** Task to carry out **
Word for word, write out all of the entries that follow.
+++ Records for this exercise +++
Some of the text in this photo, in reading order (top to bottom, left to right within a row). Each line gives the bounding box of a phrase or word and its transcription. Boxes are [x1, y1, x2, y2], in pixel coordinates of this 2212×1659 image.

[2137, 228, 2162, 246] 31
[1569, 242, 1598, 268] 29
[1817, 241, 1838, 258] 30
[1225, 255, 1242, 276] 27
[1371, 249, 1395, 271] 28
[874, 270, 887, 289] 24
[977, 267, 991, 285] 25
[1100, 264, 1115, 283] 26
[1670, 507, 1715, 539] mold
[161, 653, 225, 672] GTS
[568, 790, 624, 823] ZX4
+++
** Task response **
Some of the text in this photo, in reading order (top to bottom, left to right within a row). Each line gives the bounding box of a phrase or word and its transcription. Boxes are [x1, y1, x2, y2], in pixel coordinates of this 2212×1659 image.

[2137, 228, 2162, 246] 31
[1569, 242, 1598, 268] 29
[1817, 241, 1838, 258] 30
[1225, 255, 1242, 276] 27
[1371, 249, 1395, 271] 28
[874, 270, 887, 289] 24
[977, 267, 991, 285] 25
[1100, 264, 1115, 283] 26
[1670, 507, 1715, 539] mold
[161, 653, 225, 672] GTS
[568, 790, 624, 823] ZX4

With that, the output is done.